The output from the KWICGrouper lists at the top of the screen the
number of lines that contain any number of matches. In the case of
Figure and 15
there are only lines with one match, but no lines with more than one
match. So, in
Figure, the
message says “36 entries with 1 KWIC match”, this means that 36 lines
contain both fire and back. This function becomes useful when we now
look for gendered pronouns. As shown in
the figure-analysis-concordance-kwicgrouper-firebackhis
, there
are 27 lines in which fire co-occurs with both back and his. Most
of these occurrences appear in the pattern with his back to the fire,
as becomes obvious when we reverse the sorting on the left so that the
occurs at the top in the first position to the left of fire – the L1
position. On the other hand, as we can see from
figure-analysis-concordance-kwicgrouper-firebackher
,
Dickens’s novels contain only instance of fire co-occurring with
back and her (with her back to the fire).

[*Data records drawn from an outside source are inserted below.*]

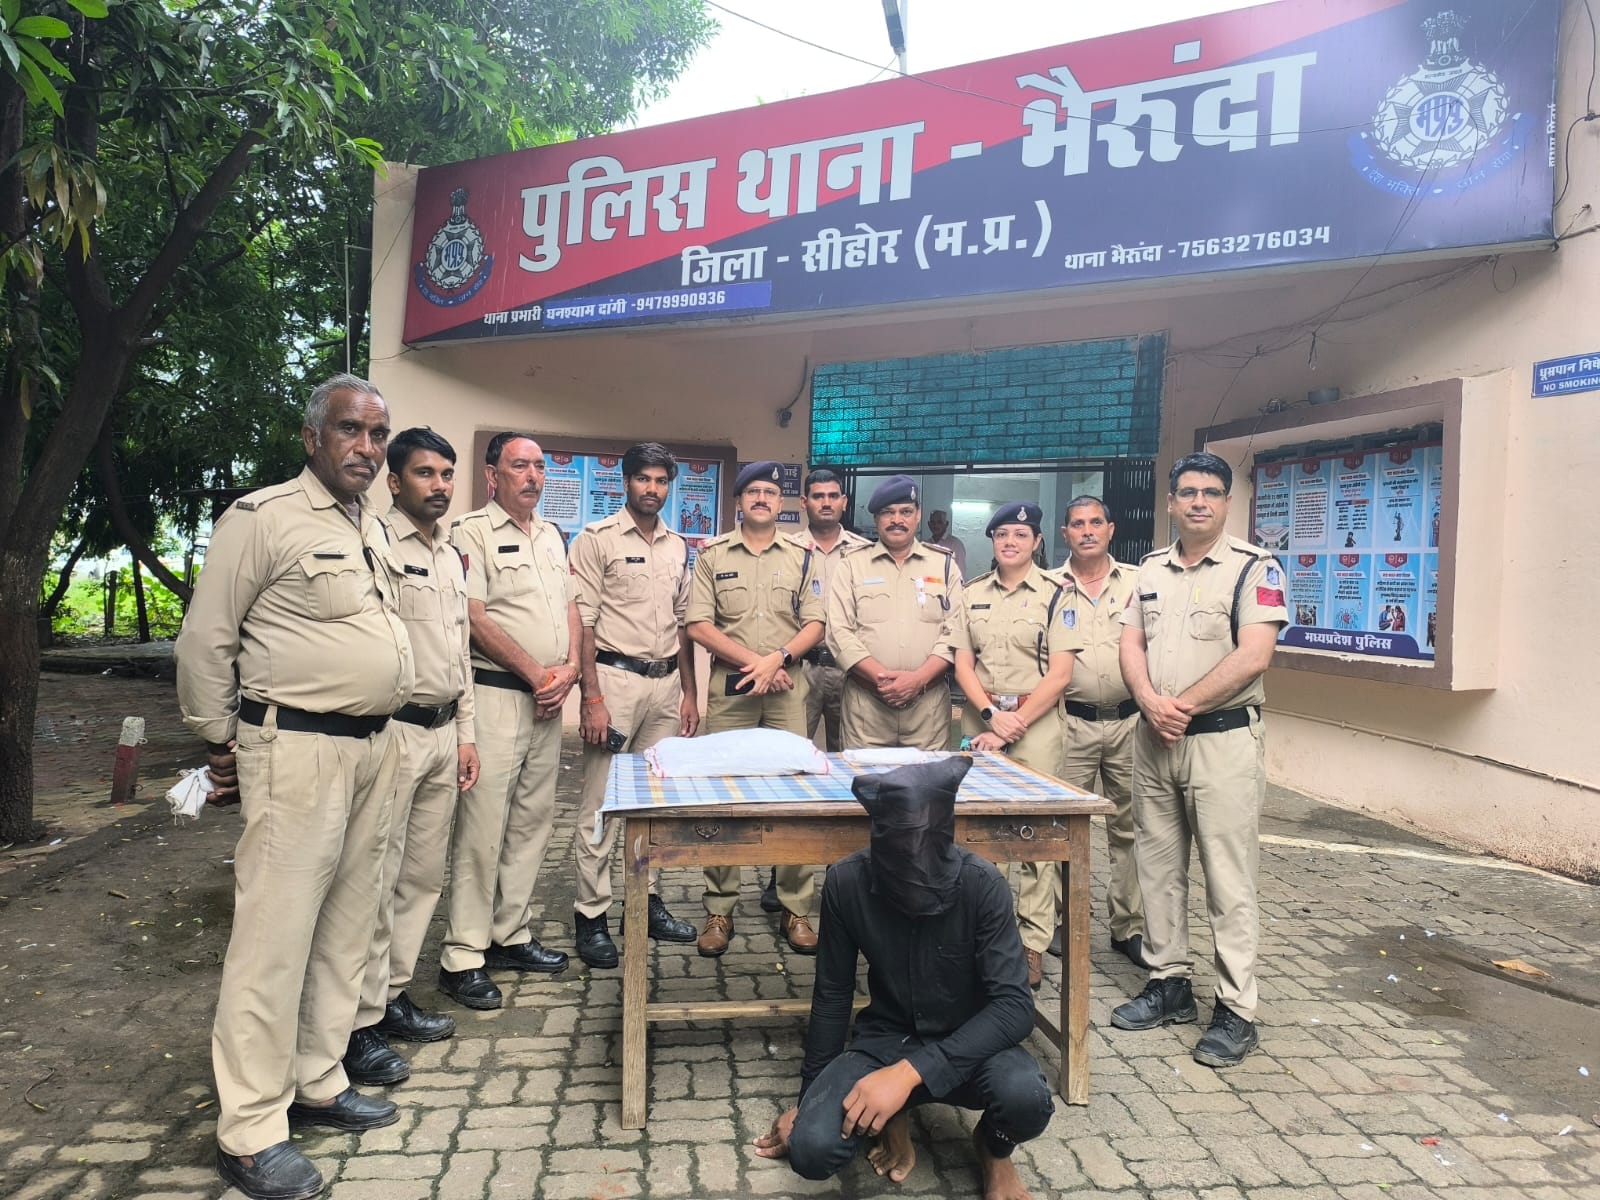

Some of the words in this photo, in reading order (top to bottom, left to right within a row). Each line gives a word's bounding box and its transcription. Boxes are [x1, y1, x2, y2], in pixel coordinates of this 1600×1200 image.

[519, 156, 717, 273] पुलिस
[736, 120, 926, 219] थाना
[680, 245, 768, 286] जिला
[801, 223, 903, 273] सीहोर
[1064, 250, 1108, 270] थाना
[483, 311, 508, 325] थाना
[511, 306, 542, 324] प्रभारी
[598, 299, 628, 315] दांगी
[1543, 383, 1556, 392] NO
[1558, 376, 1600, 390] SMOKIN
[1304, 631, 1353, 646] मध्यप्रदेश
[1355, 634, 1393, 651] पुलिस

Fig. 22 The 27 lines with two matches (here, back and his) are highlighted in a darker green

Fig. 23 Only one line contains both back and her; it is highlighted and shown above single match lines
Manage tag columns¶
Once you have identified lines with patterns of interest, you might want to place these into one or more categories. CLiC provides a flexible tagging system for this. Figure illustrates the outcome of what a tagged concordance can look like. The tags are user-defined so you can create tags that are relevant to your project. In this case, occurrences of dream in Oliver Twist have been tagged according to who is dreaming.

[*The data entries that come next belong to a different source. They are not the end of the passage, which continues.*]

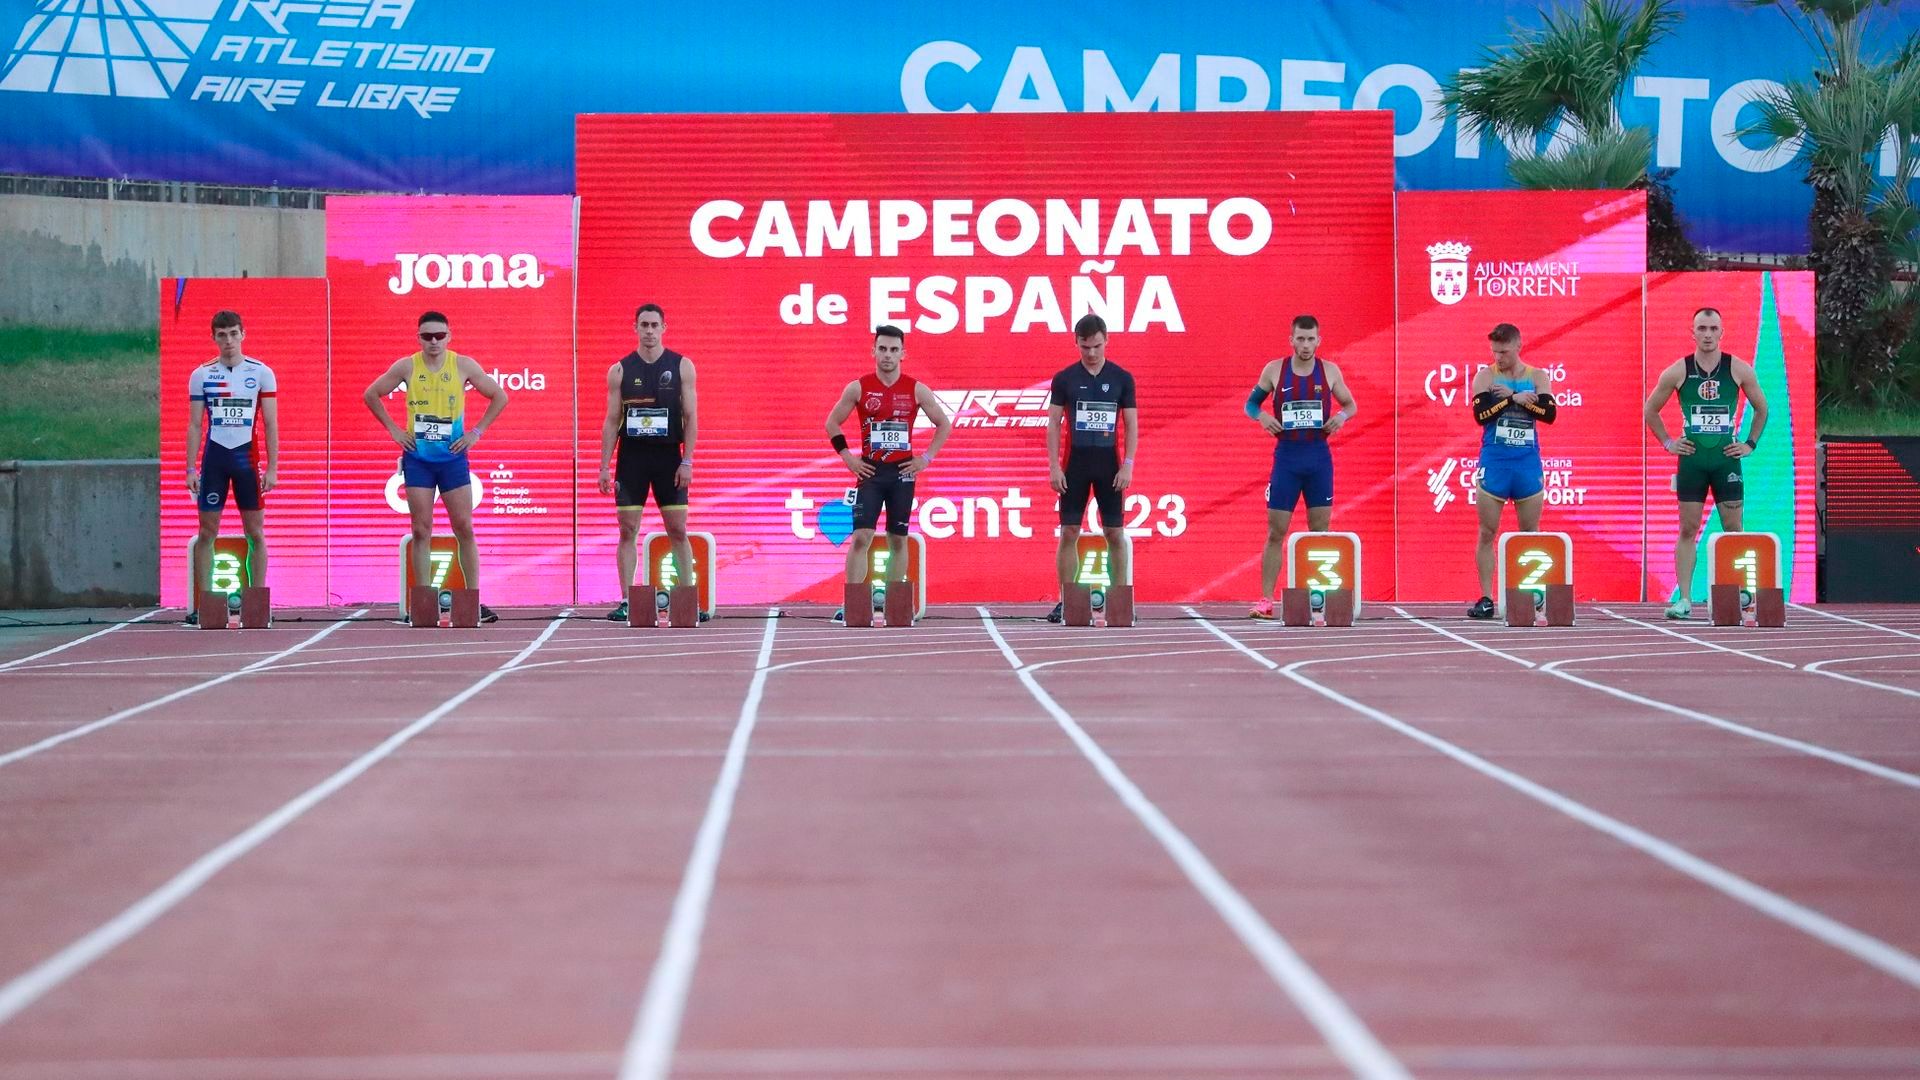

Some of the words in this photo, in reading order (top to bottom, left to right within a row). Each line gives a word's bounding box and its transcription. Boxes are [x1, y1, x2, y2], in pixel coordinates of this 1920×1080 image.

[210, 36, 496, 74] ATLETISMO
[191, 76, 306, 111] AIRE
[316, 81, 461, 119] LIBRE
[689, 197, 1273, 259] CAMPEONATO
[1474, 261, 1579, 279] AJUNTAMENT
[1474, 277, 1581, 297] TORRENT
[779, 283, 848, 325] de
[870, 260, 1186, 333] ESPAÑA
[961, 389, 1052, 416] RFE
[223, 408, 244, 418] 103
[955, 416, 1065, 428] ATLETISM
[1087, 412, 1108, 422] 398
[1293, 411, 1313, 420] 158
[1701, 415, 1721, 425] 125
[425, 423, 439, 433] 29
[881, 431, 900, 442] 188
[1507, 428, 1526, 439] 109
[492, 486, 530, 498] Consejo
[846, 490, 856, 504] 5
[493, 496, 532, 507] Superior
[492, 506, 505, 514] de
[506, 506, 548, 516] Deportes
[1054, 493, 1188, 538] 23
[430, 551, 454, 588] 7
[1078, 551, 1111, 594] 4
[1306, 550, 1343, 591] 3
[1518, 550, 1553, 590] 2
[1734, 550, 1757, 593] 1

Fig. 24 Tagged concordance lines of dream in Oliver Twist
In order to tag the lines, click on ‘manage tag columns’ (shown in the bottom right corner of Fig. 24) and create your own tag(s) through the ‘Add new’ option (see Fig. 25). You can rename a tag by selecting it from the ‘Tag columns’ list and renaming it in the text box. Once you have created your tag(s), you can click ‘Back’ to return to the menu. Now you can select the relevant concordance lines by clicking on them and you will see that the sidebar contains the list of your tags. Once one or more lines are selected you can click the tick next to the relevant tag in order to tag the line (see Fig. 26). An extra column will appear for each tag and you can sort on these columns as mentioned in the Basic sorting section above. Selected and tagged rows will be automatically deselected when you click on (i.e. select) a new row.

Fig. 25 The menu for adding and renaming tags

Fig. 26 Select a line (by clicking on it) in order to apply an existing tag; once tagged, the tick in the sidebar will appear green for the selected line. A tick will also be added to the tag column in the concordance itself.